Entre los personajes que más recuerdo, y que atesoré durante
un buen tiempo, destacaba Ana, una mujer de alrededor de 40 años, que vivía en
Villahermosa y que de pronto halló en mí el vertedero ideal para sus problemas
de matrimonio con un tipo que sencillamente no le hacía caso. Conforme
transcurrió el tiempo ella tomó más confianza y comenzó a enviarme fotografías
suyas, algunas algo aceleradas, que denotaban esa urgencia por sentirse
interesante. Finalmente Ana (nombre real), convenció a su viajante marido de
traerla al DF y la conocí en el bar de Sanborns del María Isabel. No mentía. Ella
era la de las imágenes y sus necesidades eran legítimas también. Lejos de lo
que pudiera suceder, aquella situación me hizo entender que, en el caso de Ana,
internet y los salones de chat eran
su único asidero con su propia realidad. Y si esto lo ubicamos en el presente
de las redes sociales, tenemos un grave problema.
De acuerdo con la finalidad primigenia de las redes
sociales, estos juguetes virtuales pretenden promover la socialización entre
los usuarios, ya sea de forma fraterna o bien como un medio de difusión de
marcas y proyectos que busca el alcance de la mayor cantidad de usuarios. ¿Entonces
por qué Facebook tiene un número limitado de amigos?

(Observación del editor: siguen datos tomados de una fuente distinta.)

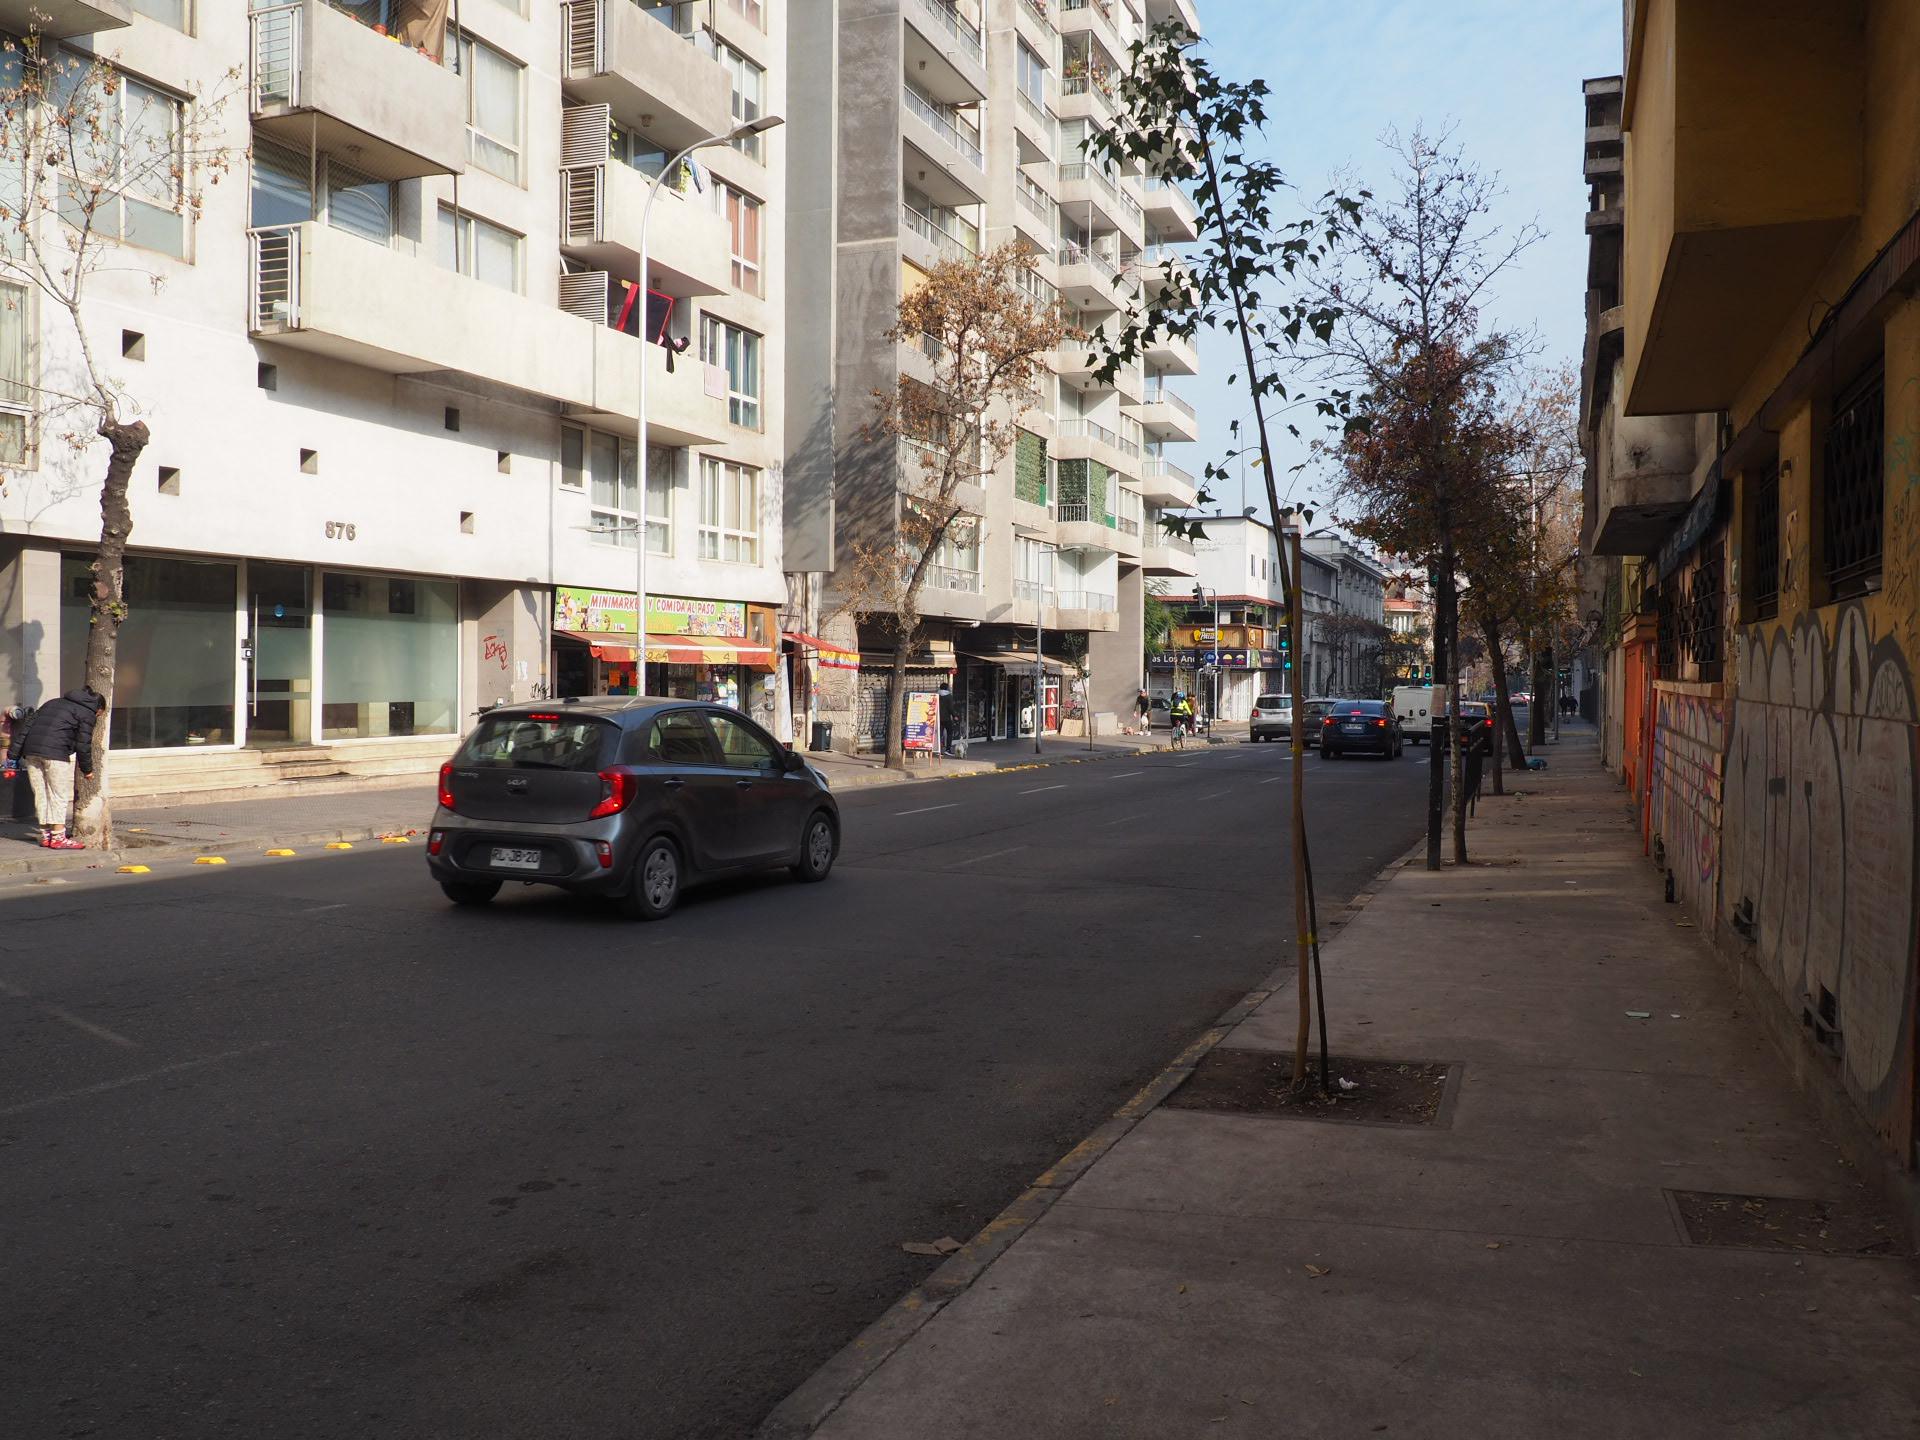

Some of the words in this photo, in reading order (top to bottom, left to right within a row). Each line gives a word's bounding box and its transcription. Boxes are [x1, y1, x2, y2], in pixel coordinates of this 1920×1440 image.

El problema de las redes sociales es que dicha socialización
se limita a tu círculo más cercano. Es como tener un público cautivo que, como todos
los seres humanos, llegará a un estadio en el que tus publicaciones serán
aburridas, comunes y vacías si acaso no tienes la virtud de reinventarte como
cualquier persona que pretende evolucionar de forma honesta.
No obstante, aún en la quietud los átomos siguen moviéndose
y esto puede percibirse en aquellos que stalkean
amigos ajenos repartiendo comments y likes en temáticas que, posiblemente, no
les conciernen. Una de sus armas es el cyberbullying
orientado hacia quien tiene una mayor cantidad de seguidores o amigos, o bien
temas más interesantes, para tratar de sobresalir.
Otro problema de las redes sociales es que comienzan a
desgastar las amistades. En las épocas del fax módem era común decirle a tus
amigos: “me conecto en la noche”, y si acaso alguno no se conectaba, bastaba
con echarle un telefonazo al día siguiente, o bien los temas más importantes se
trataban en persona. Hoy en día una mesa
de cantina, café o restaurante ha sido suplida por un teléfono móvil aun en un
baño público.
Entonces los viejos detractores tienen un punto. Si bien la
pantalla de una computadora o un dispositivo móvil no te causa cáncer, sí te convierte
en una persona ermitaña cuyas necesidades de socialización son cubiertas por la
cantidad de datos que te queden en el móvil o la conexión Wifi del sitio
elegido.
No está de más respirar un poco de oxígeno. El reto es “olvidar”
a propósito el teléfono móvil o cerrar la pestaña de Facebook o Twitter en el
trabajo si éste no depende de su uso. ¿Qué sería de la humanidad si las redes
sociales fuesen dedicas únicamente a cuestiones laborales? ¿Te atreverías?